The biggest news of all- Casa Calico now has internet! I’m absurdly happy about this. Here’s hoping it will last.

Thursday and beyond

Today was Reena, Rodney and Leonel’s last full day on the island. It’s going to be very quiet around here after they take off tomorrow morning. The basic plan for the day was to rent cars and travel around to the far-away parts of the island. Although the steep rental fee (we ended up paying 70 dollars each for two Jeep Wranglers, although they initially charged 85, plus gas) would have been prohibitive for a smaller group, three of Leonel’s friends from home were visiting this week and helped offset the cost. We drove past Coxen Hole, through Los Fuertes, past Jonesville and into Oak Ridge. Driving around today opened my eyes to the places where the people who come into clinic are coming from; before they were just names to me.
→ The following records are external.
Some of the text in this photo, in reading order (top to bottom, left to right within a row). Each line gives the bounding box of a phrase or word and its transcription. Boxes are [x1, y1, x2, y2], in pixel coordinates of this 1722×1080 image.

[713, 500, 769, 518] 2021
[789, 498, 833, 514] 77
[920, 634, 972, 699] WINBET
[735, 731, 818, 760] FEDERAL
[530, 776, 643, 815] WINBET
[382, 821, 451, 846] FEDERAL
In Oak Ridge we traveled through the mangrove tunnels, in the slowest speedboat on the island. Pirates carved out the tunnels (although our guide didn’t think so), using them to hide from law enforcement. Before we went exploring, however, we had to get the car to start.
“Don’t worry,” Leonel said, “It did this the last time I rented it, too.” (Yes, everyone’s favorite sentimentalist knowingly rented a broken car).
It took a handful of the dozen taxi drivers waiting by the dock to push the car downhill, open the hood and bang on the parts, then push the car back up the hill and repeat the whole process. It was comical, especially when the car started (rather than the alternate ending of having to get it towed).
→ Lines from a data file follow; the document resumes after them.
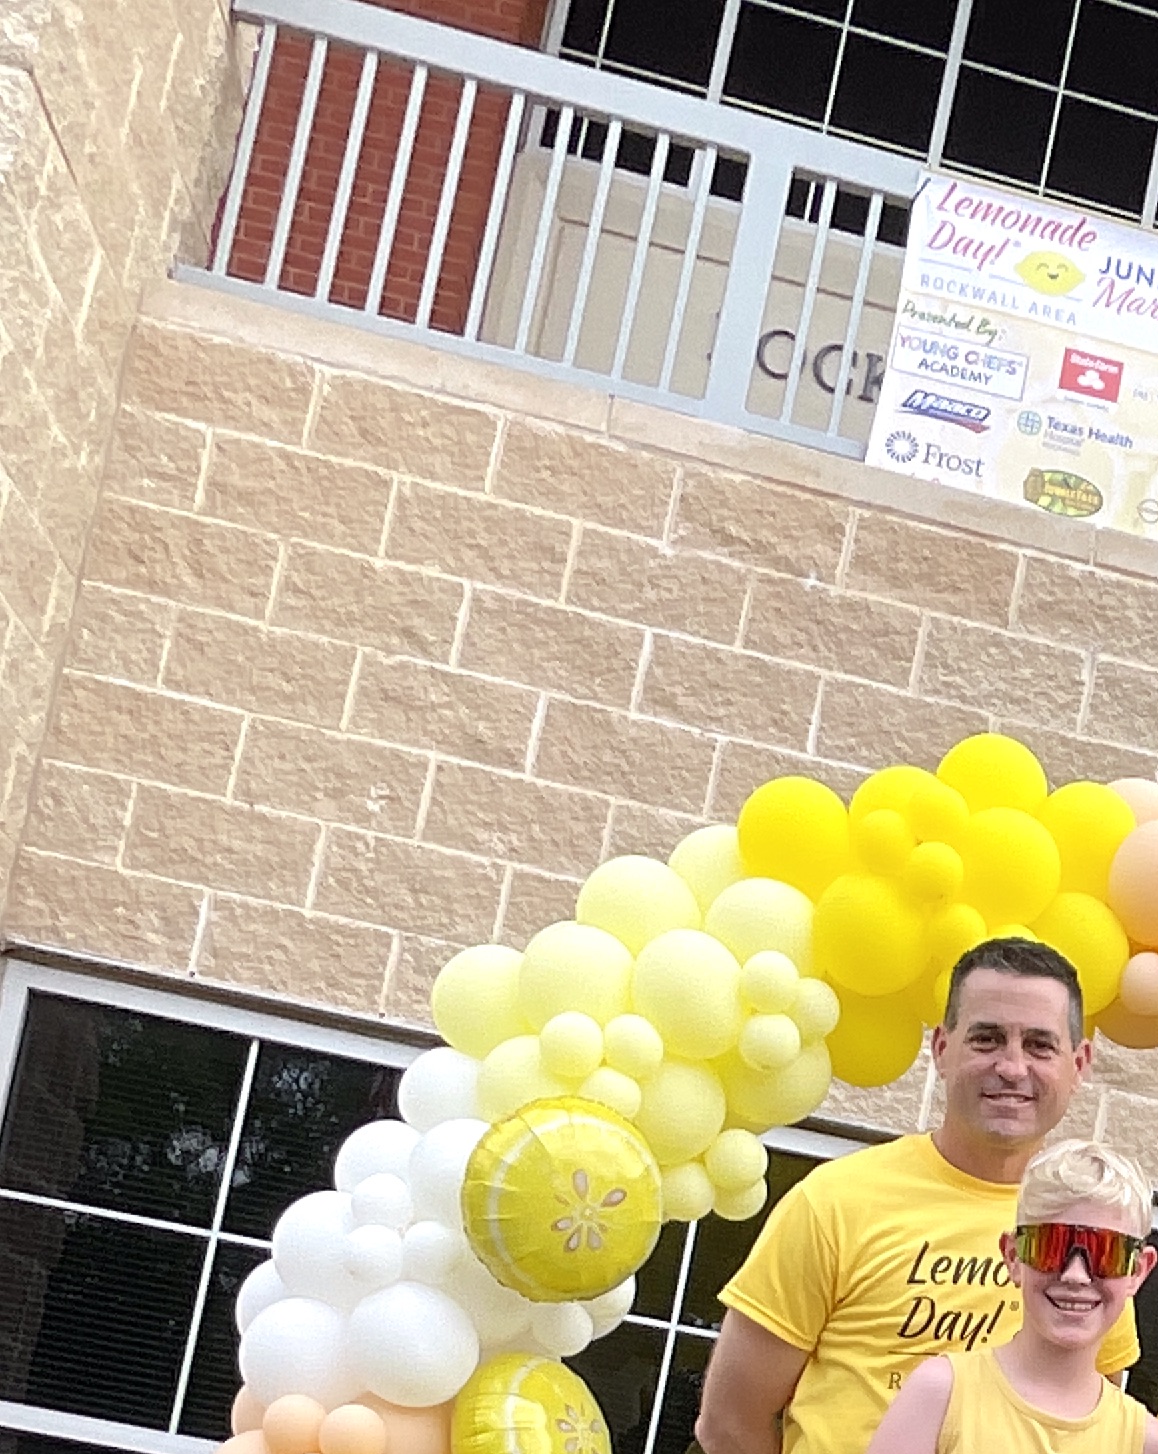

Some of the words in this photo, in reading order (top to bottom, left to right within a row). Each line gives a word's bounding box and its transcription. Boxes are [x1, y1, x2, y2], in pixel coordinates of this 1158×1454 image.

[936, 182, 1098, 251] Lemonade
[928, 220, 1011, 271] Day!
[902, 299, 975, 332] Presented
[920, 273, 1018, 309] ROCKWALL
[1028, 302, 1078, 327] AREA
[899, 332, 959, 361] YOUNG
[917, 358, 993, 386] ACADEMY
[1047, 415, 1084, 437] Texas
[1088, 425, 1134, 450] Health
[921, 443, 985, 478] Frost
[897, 1297, 1006, 1351] Day!
Two of Leonel’s friends, Nora and this girl one of Leonel’s friends had met all went to Camp Bay Beach in lieu of joining us in among the mangroves. After we piled back into the Land Rover, we took off in pursuit of them. We passed each other as they were coming back towards the main road from the beach; a storm was coming, they said, and they were advised to get to the road. Naturally, we kept going towards the beach, determined to see it quickly then be on our way. Leonel planned to keep the car running while we were there, just to make sure we weren’t stranded. There was no one else around but he got paranoid about leaving the keys in the ignition without someone standing by the car and decided to shut it off. The beach was pretty and completely deserted, but the waves were growing, the sky looked like it was about to storm any second and the water was coming far up the beach. After five or so minutes, we decided to be on our way. The car had other plans. The engine would not engage. We began to push it towards the road, periodically attempting to start it and trying not to get too worried about the situation. Luckily, after a few minutes, the car started, we all jumped in and roared off.
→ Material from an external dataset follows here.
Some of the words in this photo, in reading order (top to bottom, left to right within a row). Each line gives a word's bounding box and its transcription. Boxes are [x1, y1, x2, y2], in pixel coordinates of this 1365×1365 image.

The next day, Hurricane Beta, our newest friendly neighborhood weather disaster, had been pummeling Nicaragua and wanted to visit Honduras but changed its mind at the last moment. Instead, it has sent its emissaries- heavy rain, high-speed winds- our way. As a result, Audra and I spent the entire day inside, reading and listening to her ipod. Leonel’s friends and Reena successfully left Roatan, Rodney and Leonel- who were supposed to take the oversized model airplanes that fly out of the airport into San Pedro Sula and El Salvador respectively- proved not as good at being gone. Rodney was told flights were taking off tomorrow but Leonel decided to stay until Thursday, eliminating my need to say anything nice about him in this journal entry.